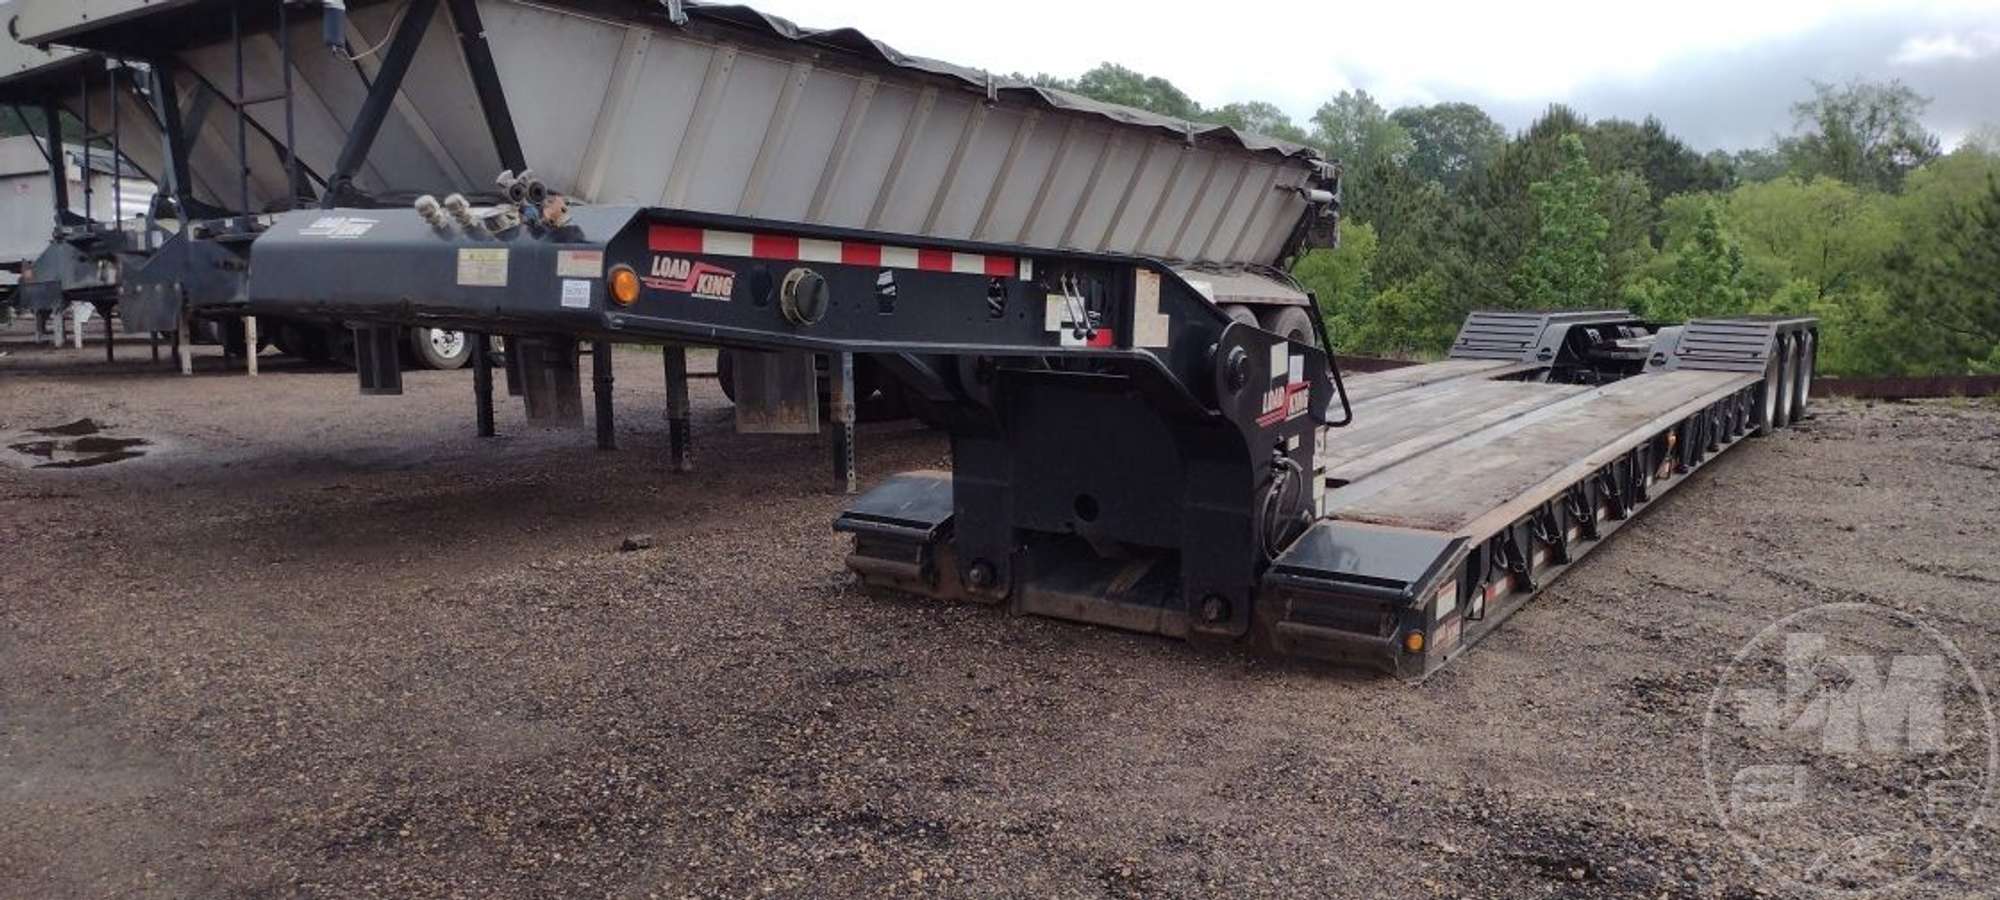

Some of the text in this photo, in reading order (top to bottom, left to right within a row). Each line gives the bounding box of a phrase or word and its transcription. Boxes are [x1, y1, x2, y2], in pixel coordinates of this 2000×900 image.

[651, 255, 733, 297] LOAD KING
[1262, 386, 1286, 415] LOAD
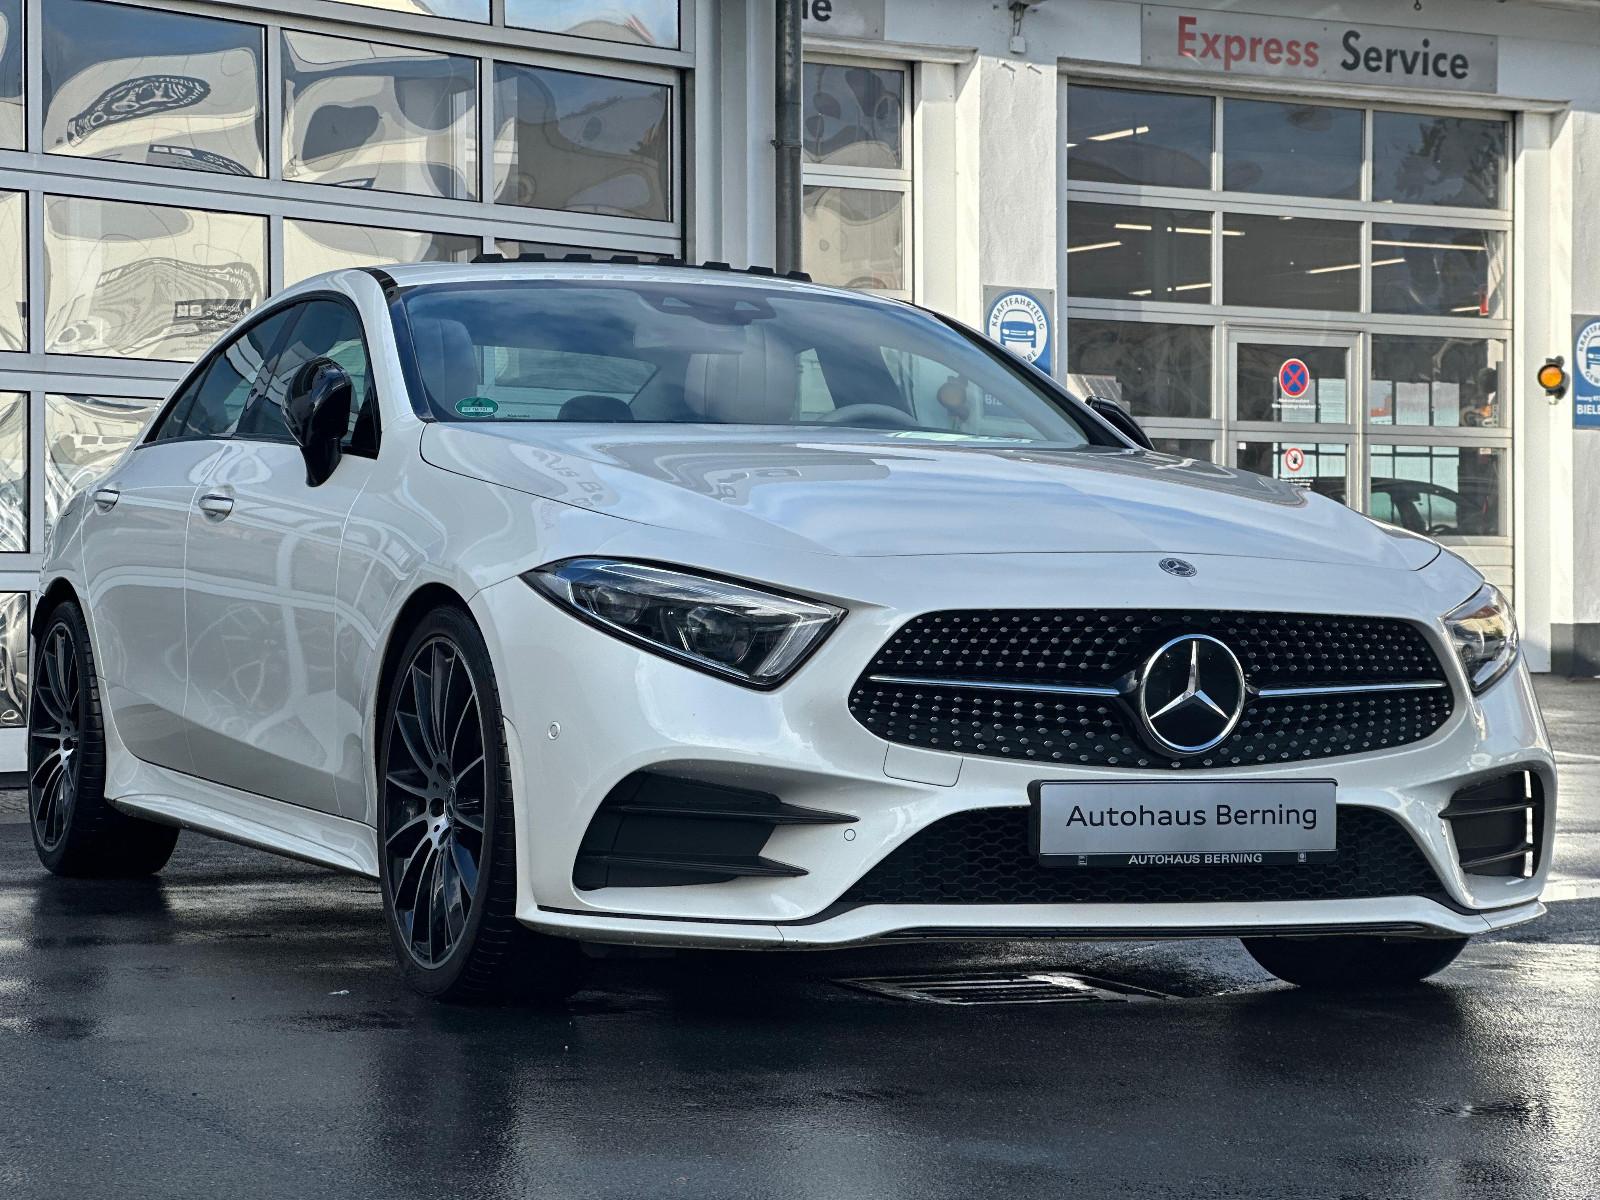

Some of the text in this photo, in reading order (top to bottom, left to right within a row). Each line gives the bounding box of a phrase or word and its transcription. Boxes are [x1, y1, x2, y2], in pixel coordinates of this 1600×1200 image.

[1178, 15, 1469, 80] Express Service
[991, 297, 1046, 330] KRAFTFAHRZEUG
[1065, 803, 1318, 830] Autohaus Berning
[1127, 853, 1264, 865] AUTOHAUS BERNING

^^^^^^^^

▸ **What needs to be done**
Starting at the line that holds "this 1600×1200 image.", set down each line exactly through the last line of the records above, and no others.

▸ **Exercise answer**
Some of the text in this photo, in reading order (top to bottom, left to right within a row). Each line gives the bounding box of a phrase or word and its transcription. Boxes are [x1, y1, x2, y2], in pixel coordinates of this 1600×1200 image.

[1178, 15, 1469, 80] Express Service
[991, 297, 1046, 330] KRAFTFAHRZEUG
[1065, 803, 1318, 830] Autohaus Berning
[1127, 853, 1264, 865] AUTOHAUS BERNING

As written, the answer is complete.